Nothing is known regarding the biology of the paddlefish in Canada and all available information comes from populations in the United States. Paddlefish spawn in the spring, usually during April and May, when water temperatures range from approximately 10-17°C (Purkett 1961, Wallus 1986, Lein and DeVries 1998). Spawning is preceded by an upstream migration to the vicinity of the spawning areas where the fish congregate in deep areas of the river (Purkett 1961, Pasch et al. 1980). Large increases in water velocity trigger paddlefish to move into spawning areas and spawning is triggered by increased water flow (Purkett 1961, Pasch et al. 1980, Jennings and Zigler 2000). Optimal water velocities range from 60 – 140 cm/s (Crance 1987). Paddlefish spawn over gravel bars and other hard surfaces such as rock and rip/rap, in areas with enough current to keep eggs free from silt (Pasch et al. 1980, Wallus 1986).

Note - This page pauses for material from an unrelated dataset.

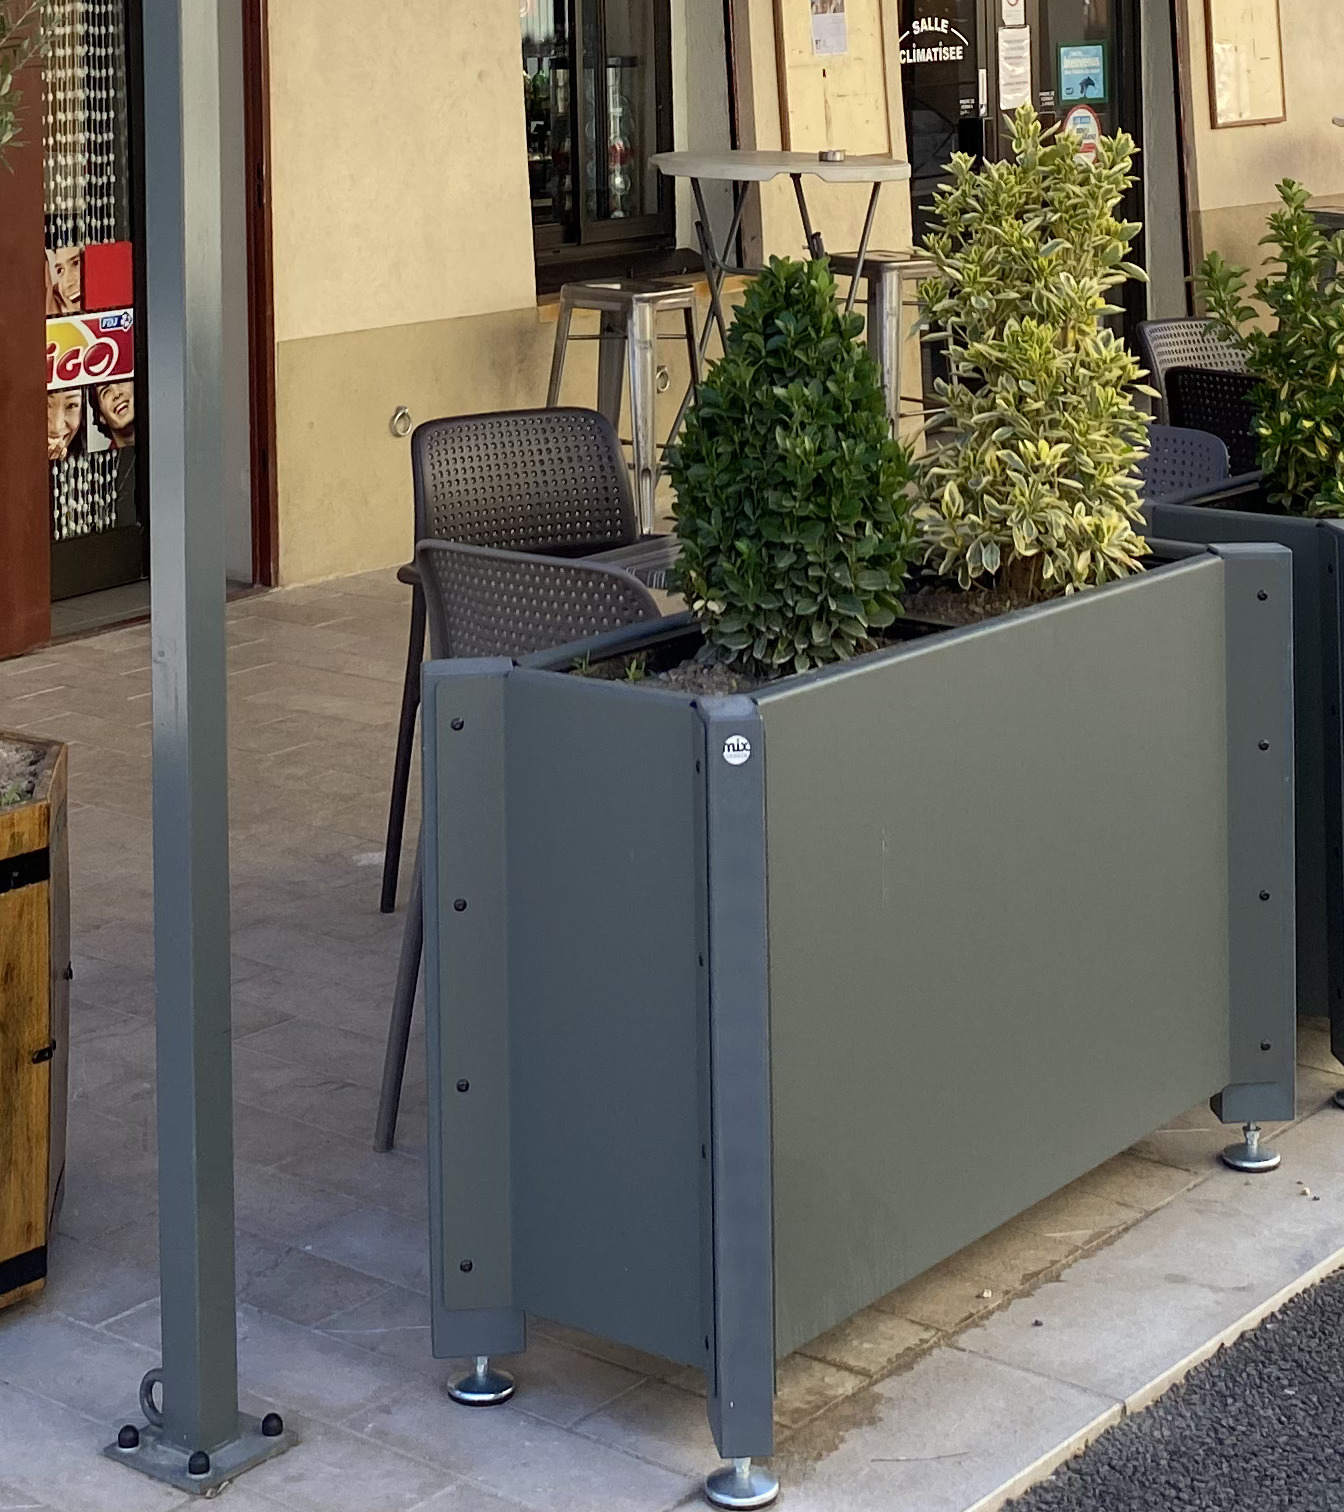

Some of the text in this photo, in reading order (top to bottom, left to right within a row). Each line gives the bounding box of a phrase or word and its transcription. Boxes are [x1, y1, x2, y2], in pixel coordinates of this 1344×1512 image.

Reported water depths at spawning locations range from 2 – 12 m, but optimal depths probably range from approximately 3 – 6 m (Crance 1987). In Missouri, spawning occurred after water levels rose 2.7 m and water temperatures were 16.1°C. Eggs become adhesive upon fertilization and immediately stick to the clean gravel substrate (Purkett 1961). Hatching occurs in seven days or less at 18.3°C – 21.1°C (Purkett 1961). After hatching, larval paddlefish begin swimming continuously from bottom to surface, resting only when gliding back to the bottom. This behaviour helps remove the larvae from the receding waters of temporarily flooded spawning sites (Wallus 1986). Current velocities of 30 – 122 cm/s are required to transport newly hatched larvae to nursery habitats. Velocities in nursery habitats are generally low, allowing larvae to feed without expending large amounts of energy (Crance 1987).

1.4.2 Ecological Role

Paddlefish primarily feed on zooplankton and occasionally consume small insects, insect larvae and small fishes (Jennings and Zigler 2000). Walleye (Sander vitreus) and sauger (S. canadensis) can be significant predators on young paddlefish in American reservoirs (Mero et al. 1994).

1.4.3 Limiting Factors

Population growth is limited by late sexual maturity and intermittent spawning by females. Paddlefish require a long period of time to become sexually mature, which is estimated at 7 years for males and 9-10, possibly up to 12, years for females (Parker 1987, 1988, NatureServe 2006). While male fish are able to spawn each year, several studies suggest that females require 2 to 5 years to develop mature ova before spawning again (Jennings and Zigler 2000).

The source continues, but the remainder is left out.